Work required: Output the data below exactly, without images.
..........
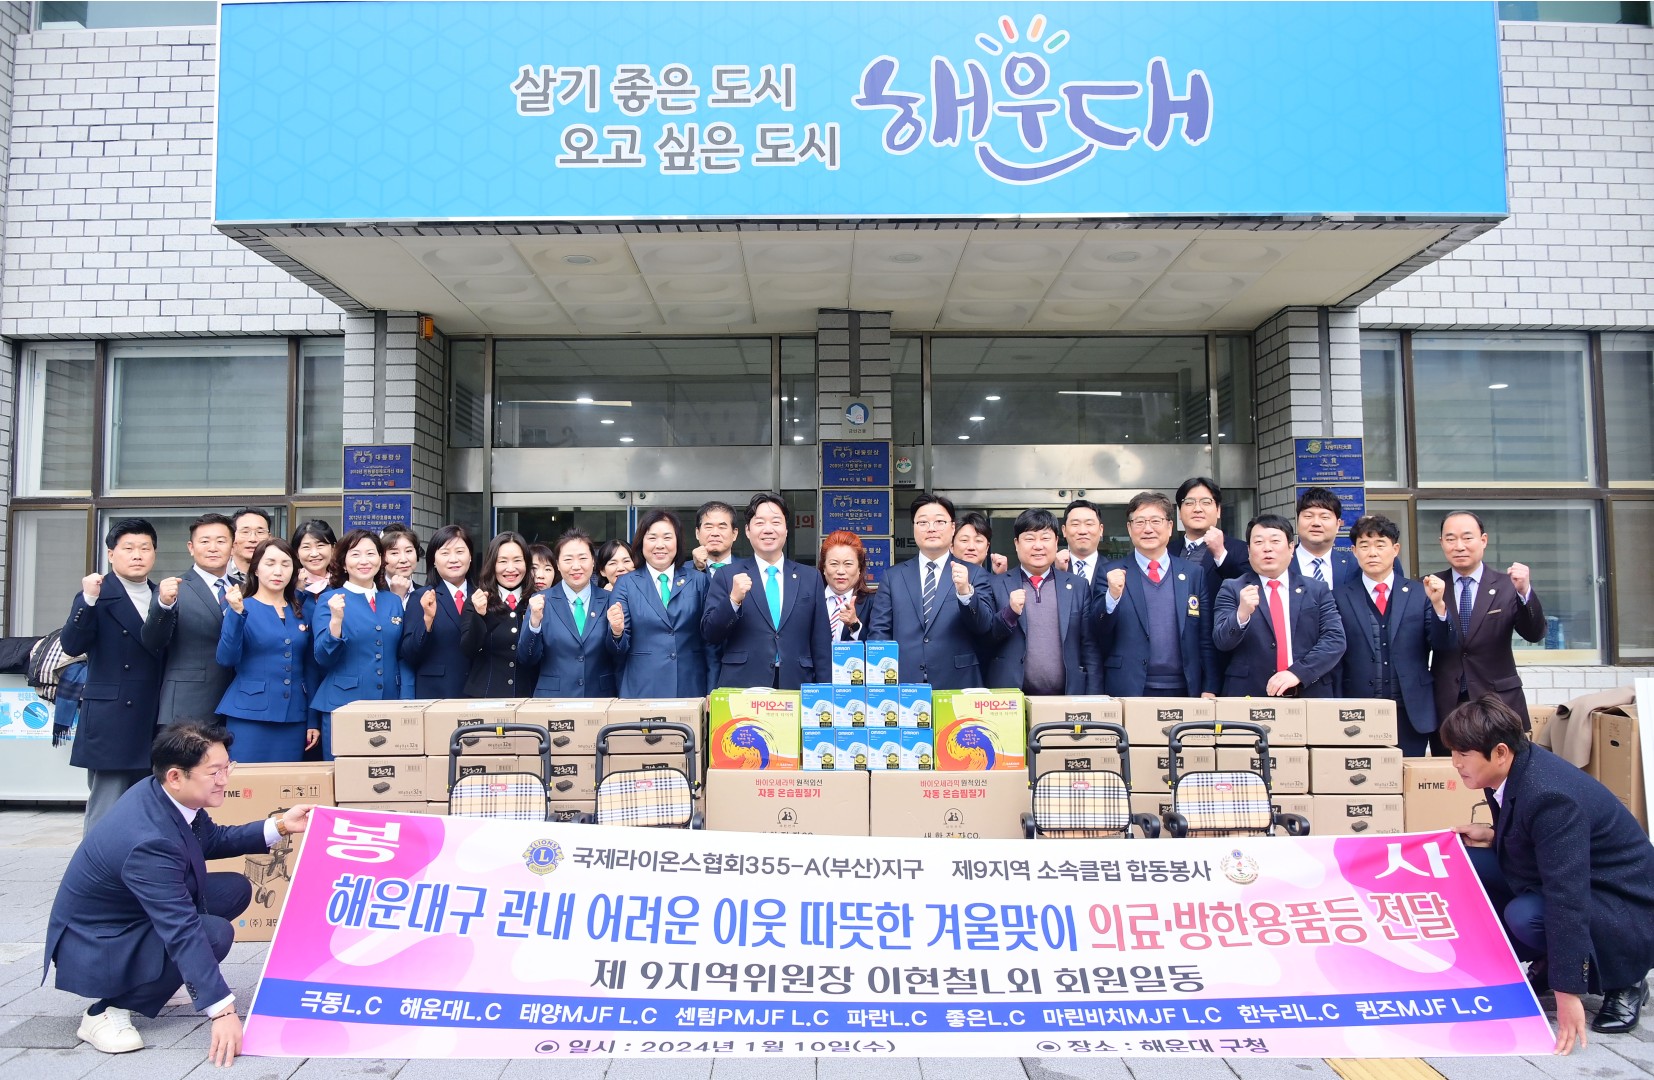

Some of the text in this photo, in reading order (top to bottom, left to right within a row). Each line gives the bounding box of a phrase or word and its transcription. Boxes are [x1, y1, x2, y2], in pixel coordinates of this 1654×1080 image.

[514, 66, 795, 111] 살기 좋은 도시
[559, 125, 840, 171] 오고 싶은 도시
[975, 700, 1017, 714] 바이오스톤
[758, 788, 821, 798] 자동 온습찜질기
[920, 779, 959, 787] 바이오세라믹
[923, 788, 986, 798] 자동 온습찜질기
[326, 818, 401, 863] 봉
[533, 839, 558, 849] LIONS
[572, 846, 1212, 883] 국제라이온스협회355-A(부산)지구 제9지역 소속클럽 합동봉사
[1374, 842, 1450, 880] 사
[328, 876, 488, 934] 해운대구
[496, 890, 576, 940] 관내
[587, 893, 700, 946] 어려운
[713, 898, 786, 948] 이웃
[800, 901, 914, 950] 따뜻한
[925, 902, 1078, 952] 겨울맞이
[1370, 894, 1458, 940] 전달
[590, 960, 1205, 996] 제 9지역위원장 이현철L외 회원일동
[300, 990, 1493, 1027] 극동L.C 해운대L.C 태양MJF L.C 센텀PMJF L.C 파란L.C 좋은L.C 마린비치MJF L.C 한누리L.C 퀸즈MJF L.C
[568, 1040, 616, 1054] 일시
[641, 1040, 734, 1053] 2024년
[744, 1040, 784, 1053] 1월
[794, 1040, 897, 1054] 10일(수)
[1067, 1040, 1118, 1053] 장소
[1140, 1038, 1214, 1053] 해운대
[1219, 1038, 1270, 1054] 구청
..........
Written solution:
Some of the text in this photo, in reading order (top to bottom, left to right within a row). Each line gives the bounding box of a phrase or word and its transcription. Boxes are [x1, y1, x2, y2], in pixel coordinates of this 1654×1080 image.

[514, 66, 795, 111] 살기 좋은 도시
[559, 125, 840, 171] 오고 싶은 도시
[975, 700, 1017, 714] 바이오스톤
[758, 788, 821, 798] 자동 온습찜질기
[920, 779, 959, 787] 바이오세라믹
[923, 788, 986, 798] 자동 온습찜질기
[326, 818, 401, 863] 봉
[533, 839, 558, 849] LIONS
[572, 846, 1212, 883] 국제라이온스협회355-A(부산)지구 제9지역 소속클럽 합동봉사
[1374, 842, 1450, 880] 사
[328, 876, 488, 934] 해운대구
[496, 890, 576, 940] 관내
[587, 893, 700, 946] 어려운
[713, 898, 786, 948] 이웃
[800, 901, 914, 950] 따뜻한
[925, 902, 1078, 952] 겨울맞이
[1370, 894, 1458, 940] 전달
[590, 960, 1205, 996] 제 9지역위원장 이현철L외 회원일동
[300, 990, 1493, 1027] 극동L.C 해운대L.C 태양MJF L.C 센텀PMJF L.C 파란L.C 좋은L.C 마린비치MJF L.C 한누리L.C 퀸즈MJF L.C
[568, 1040, 616, 1054] 일시
[641, 1040, 734, 1053] 2024년
[744, 1040, 784, 1053] 1월
[794, 1040, 897, 1054] 10일(수)
[1067, 1040, 1118, 1053] 장소
[1140, 1038, 1214, 1053] 해운대
[1219, 1038, 1270, 1054] 구청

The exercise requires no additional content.